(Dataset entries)
== Segment start ==

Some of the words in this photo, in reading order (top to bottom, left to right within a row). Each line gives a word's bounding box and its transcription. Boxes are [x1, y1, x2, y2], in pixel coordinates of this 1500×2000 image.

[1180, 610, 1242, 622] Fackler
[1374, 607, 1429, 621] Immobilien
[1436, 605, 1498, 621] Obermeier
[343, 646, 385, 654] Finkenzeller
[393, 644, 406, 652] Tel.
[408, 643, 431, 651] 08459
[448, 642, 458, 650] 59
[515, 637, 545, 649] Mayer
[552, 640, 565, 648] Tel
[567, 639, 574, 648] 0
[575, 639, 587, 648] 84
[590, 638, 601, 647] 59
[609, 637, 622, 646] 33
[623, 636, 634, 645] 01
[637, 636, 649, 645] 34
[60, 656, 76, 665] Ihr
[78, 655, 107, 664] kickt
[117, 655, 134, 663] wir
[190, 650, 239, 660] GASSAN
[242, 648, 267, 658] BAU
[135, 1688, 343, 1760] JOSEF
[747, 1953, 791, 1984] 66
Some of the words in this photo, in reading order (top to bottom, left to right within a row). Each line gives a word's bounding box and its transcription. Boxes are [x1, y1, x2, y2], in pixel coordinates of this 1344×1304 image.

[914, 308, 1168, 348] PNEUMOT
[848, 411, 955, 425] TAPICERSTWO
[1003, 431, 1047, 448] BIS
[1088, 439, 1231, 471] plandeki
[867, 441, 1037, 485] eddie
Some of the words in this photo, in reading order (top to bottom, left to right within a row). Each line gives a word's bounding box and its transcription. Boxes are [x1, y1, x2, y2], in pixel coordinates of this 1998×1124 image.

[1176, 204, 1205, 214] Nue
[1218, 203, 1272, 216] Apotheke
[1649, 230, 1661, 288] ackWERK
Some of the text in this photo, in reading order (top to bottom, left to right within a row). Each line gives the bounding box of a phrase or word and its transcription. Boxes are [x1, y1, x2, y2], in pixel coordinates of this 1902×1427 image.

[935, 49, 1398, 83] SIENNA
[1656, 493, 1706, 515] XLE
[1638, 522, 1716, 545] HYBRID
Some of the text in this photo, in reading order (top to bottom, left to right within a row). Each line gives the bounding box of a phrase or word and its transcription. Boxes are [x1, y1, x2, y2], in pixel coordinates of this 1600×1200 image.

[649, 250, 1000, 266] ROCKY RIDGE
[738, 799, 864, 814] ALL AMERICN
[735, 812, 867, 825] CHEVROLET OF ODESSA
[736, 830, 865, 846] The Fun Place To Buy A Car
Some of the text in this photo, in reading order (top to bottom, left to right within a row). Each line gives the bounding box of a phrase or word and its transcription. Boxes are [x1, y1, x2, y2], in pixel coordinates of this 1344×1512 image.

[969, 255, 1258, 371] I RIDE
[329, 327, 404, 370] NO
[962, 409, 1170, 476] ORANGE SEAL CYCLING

== Segment end ==

[TASK TO CARRY OUT]
The answer must consist of all the entries, copied exactly.

[TASK ANSWER]
Some of the words in this photo, in reading order (top to bottom, left to right within a row). Each line gives a word's bounding box and its transcription. Boxes are [x1, y1, x2, y2], in pixel coordinates of this 1500×2000 image.

[1180, 610, 1242, 622] Fackler
[1374, 607, 1429, 621] Immobilien
[1436, 605, 1498, 621] Obermeier
[343, 646, 385, 654] Finkenzeller
[393, 644, 406, 652] Tel.
[408, 643, 431, 651] 08459
[448, 642, 458, 650] 59
[515, 637, 545, 649] Mayer
[552, 640, 565, 648] Tel
[567, 639, 574, 648] 0
[575, 639, 587, 648] 84
[590, 638, 601, 647] 59
[609, 637, 622, 646] 33
[623, 636, 634, 645] 01
[637, 636, 649, 645] 34
[60, 656, 76, 665] Ihr
[78, 655, 107, 664] kickt
[117, 655, 134, 663] wir
[190, 650, 239, 660] GASSAN
[242, 648, 267, 658] BAU
[135, 1688, 343, 1760] JOSEF
[747, 1953, 791, 1984] 66
Some of the words in this photo, in reading order (top to bottom, left to right within a row). Each line gives a word's bounding box and its transcription. Boxes are [x1, y1, x2, y2], in pixel coordinates of this 1344×1304 image.

[914, 308, 1168, 348] PNEUMOT
[848, 411, 955, 425] TAPICERSTWO
[1003, 431, 1047, 448] BIS
[1088, 439, 1231, 471] plandeki
[867, 441, 1037, 485] eddie
Some of the words in this photo, in reading order (top to bottom, left to right within a row). Each line gives a word's bounding box and its transcription. Boxes are [x1, y1, x2, y2], in pixel coordinates of this 1998×1124 image.

[1176, 204, 1205, 214] Nue
[1218, 203, 1272, 216] Apotheke
[1649, 230, 1661, 288] ackWERK
Some of the text in this photo, in reading order (top to bottom, left to right within a row). Each line gives the bounding box of a phrase or word and its transcription. Boxes are [x1, y1, x2, y2], in pixel coordinates of this 1902×1427 image.

[935, 49, 1398, 83] SIENNA
[1656, 493, 1706, 515] XLE
[1638, 522, 1716, 545] HYBRID
Some of the text in this photo, in reading order (top to bottom, left to right within a row). Each line gives the bounding box of a phrase or word and its transcription. Boxes are [x1, y1, x2, y2], in pixel coordinates of this 1600×1200 image.

[649, 250, 1000, 266] ROCKY RIDGE
[738, 799, 864, 814] ALL AMERICN
[735, 812, 867, 825] CHEVROLET OF ODESSA
[736, 830, 865, 846] The Fun Place To Buy A Car
Some of the text in this photo, in reading order (top to bottom, left to right within a row). Each line gives the bounding box of a phrase or word and its transcription. Boxes are [x1, y1, x2, y2], in pixel coordinates of this 1344×1512 image.

[969, 255, 1258, 371] I RIDE
[329, 327, 404, 370] NO
[962, 409, 1170, 476] ORANGE SEAL CYCLING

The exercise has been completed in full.